## [RECORDS FOR PROCESSING]

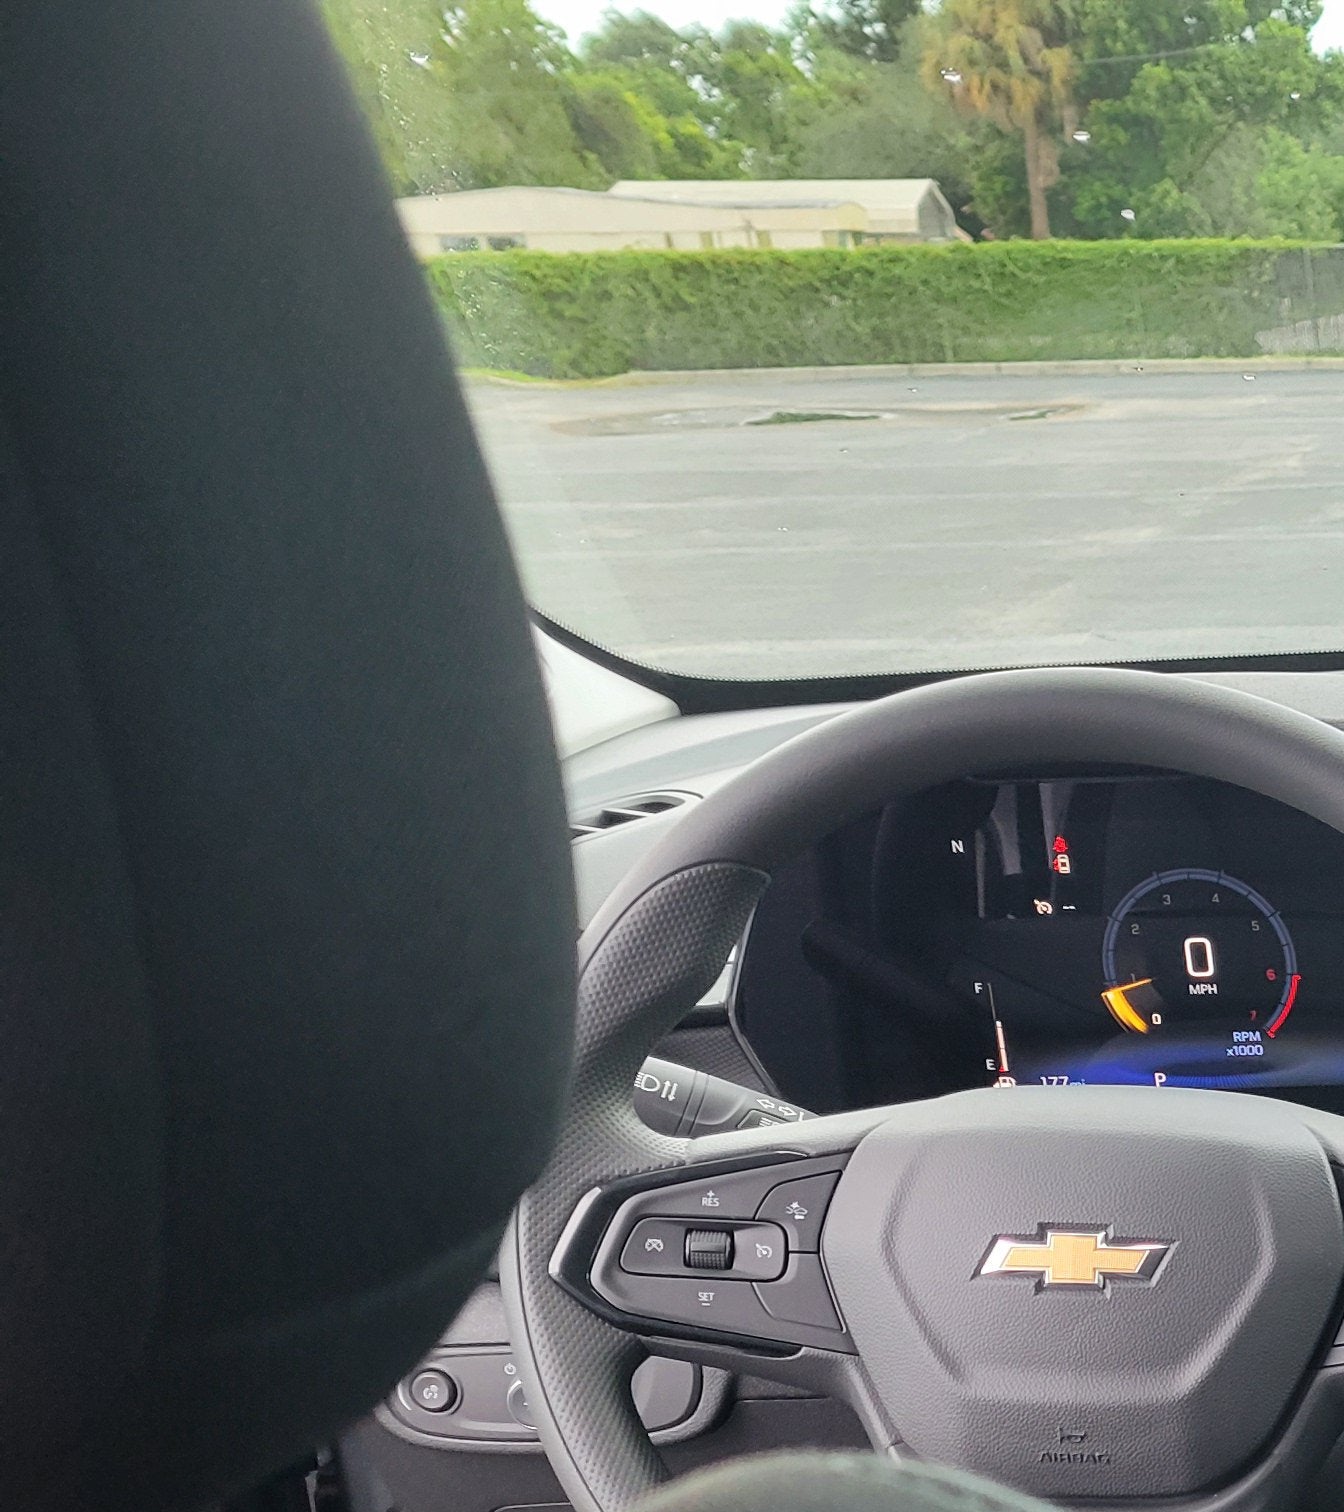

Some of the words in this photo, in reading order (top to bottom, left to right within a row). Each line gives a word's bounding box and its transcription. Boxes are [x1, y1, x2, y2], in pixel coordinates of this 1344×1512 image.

[951, 839, 965, 853] N
[1162, 894, 1171, 905] 3
[1212, 893, 1220, 903] 4
[1131, 923, 1140, 935] 2
[1251, 920, 1260, 931] 5
[1184, 937, 1215, 978] 0
[1266, 969, 1276, 980] 6
[974, 982, 983, 994] F
[1189, 983, 1218, 995] MPH
[1151, 1013, 1162, 1025] 0
[1250, 1010, 1257, 1020] 7
[1232, 1031, 1262, 1042] RPM
[1226, 1045, 1264, 1056] x1000
[986, 1059, 996, 1071] E
[1154, 1072, 1167, 1087] P
[701, 1197, 720, 1207] RES
[698, 1292, 715, 1301] SET
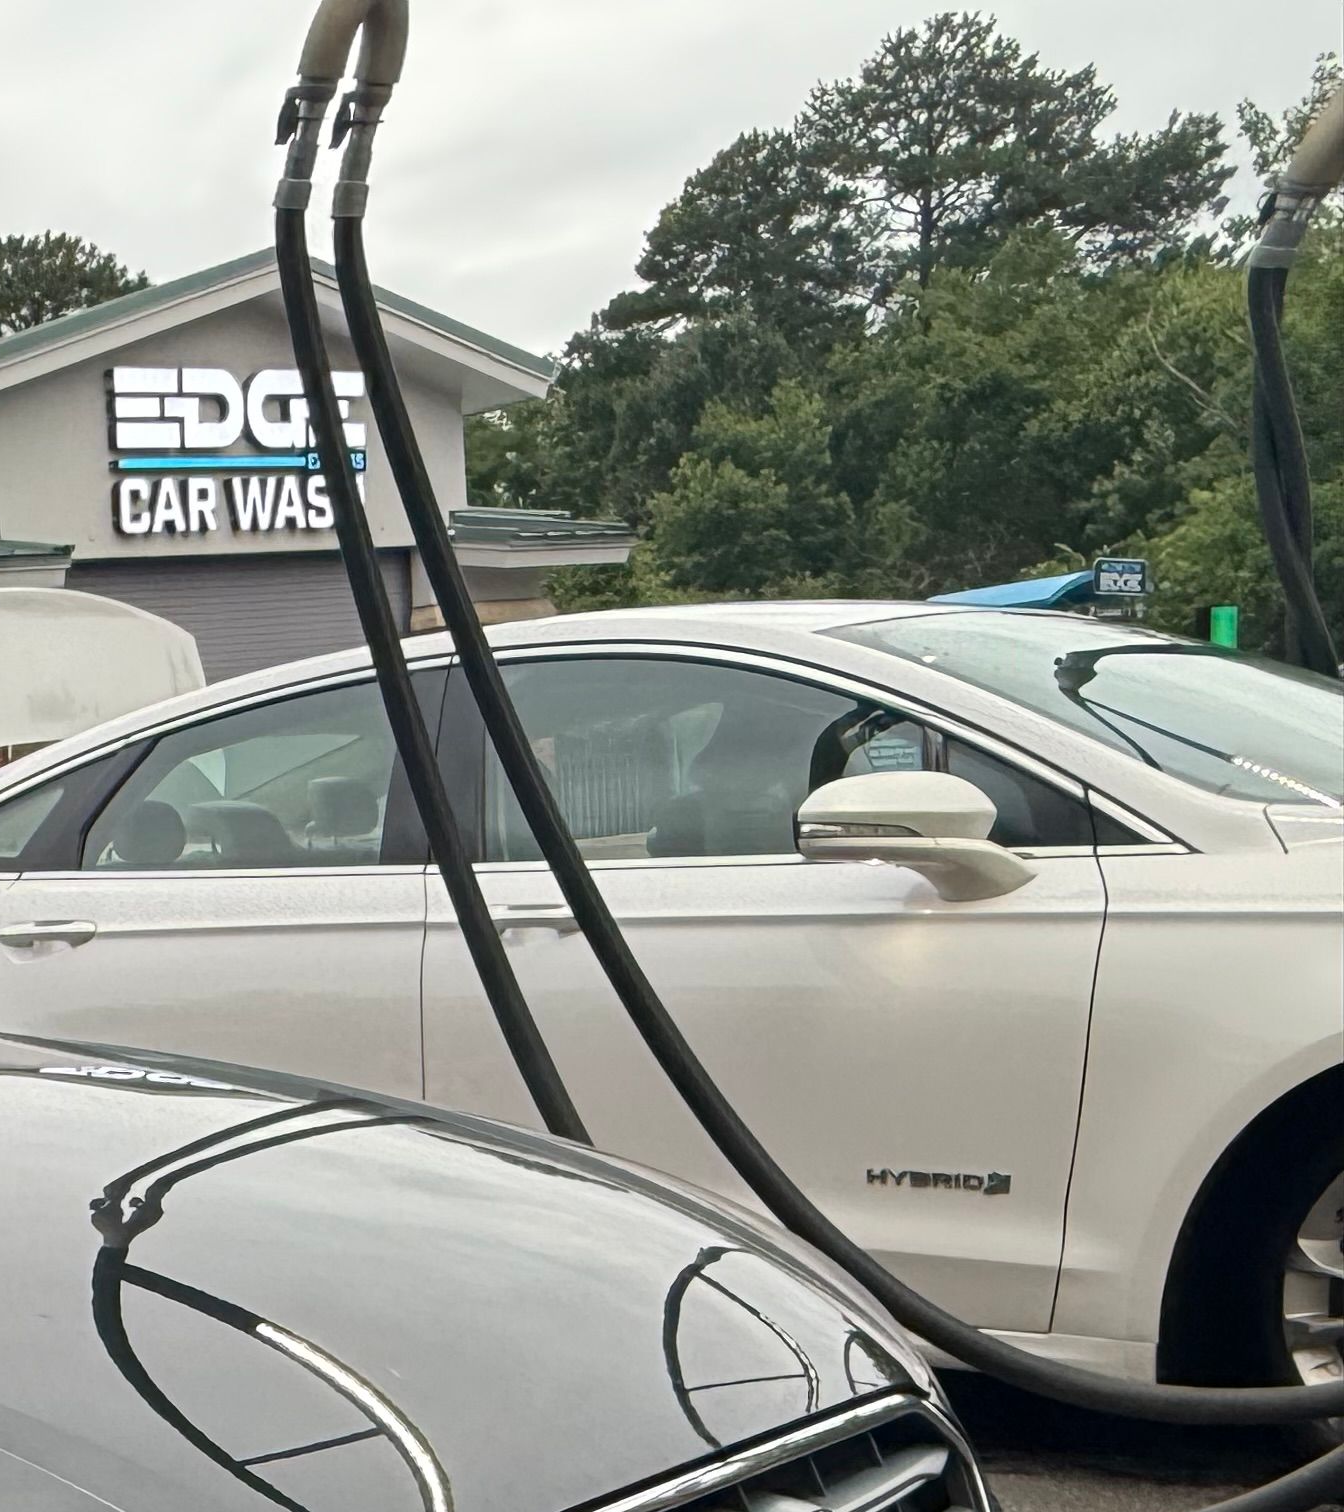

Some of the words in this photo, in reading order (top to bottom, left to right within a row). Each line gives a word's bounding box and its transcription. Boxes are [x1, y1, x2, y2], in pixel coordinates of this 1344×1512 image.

[119, 476, 218, 534] CAR
[232, 474, 365, 532] WAS
[866, 1168, 985, 1192] HYBRID

## [WHAT TO WORK ON]
Omit every picture, then write out the entries above exactly.

## [ANSWER BELOW]
Some of the words in this photo, in reading order (top to bottom, left to right within a row). Each line gives a word's bounding box and its transcription. Boxes are [x1, y1, x2, y2], in pixel coordinates of this 1344×1512 image.

[951, 839, 965, 853] N
[1162, 894, 1171, 905] 3
[1212, 893, 1220, 903] 4
[1131, 923, 1140, 935] 2
[1251, 920, 1260, 931] 5
[1184, 937, 1215, 978] 0
[1266, 969, 1276, 980] 6
[974, 982, 983, 994] F
[1189, 983, 1218, 995] MPH
[1151, 1013, 1162, 1025] 0
[1250, 1010, 1257, 1020] 7
[1232, 1031, 1262, 1042] RPM
[1226, 1045, 1264, 1056] x1000
[986, 1059, 996, 1071] E
[1154, 1072, 1167, 1087] P
[701, 1197, 720, 1207] RES
[698, 1292, 715, 1301] SET

Some of the words in this photo, in reading order (top to bottom, left to right within a row). Each line gives a word's bounding box and its transcription. Boxes are [x1, y1, x2, y2], in pixel coordinates of this 1344×1512 image.

[119, 476, 218, 534] CAR
[232, 474, 365, 532] WAS
[866, 1168, 985, 1192] HYBRID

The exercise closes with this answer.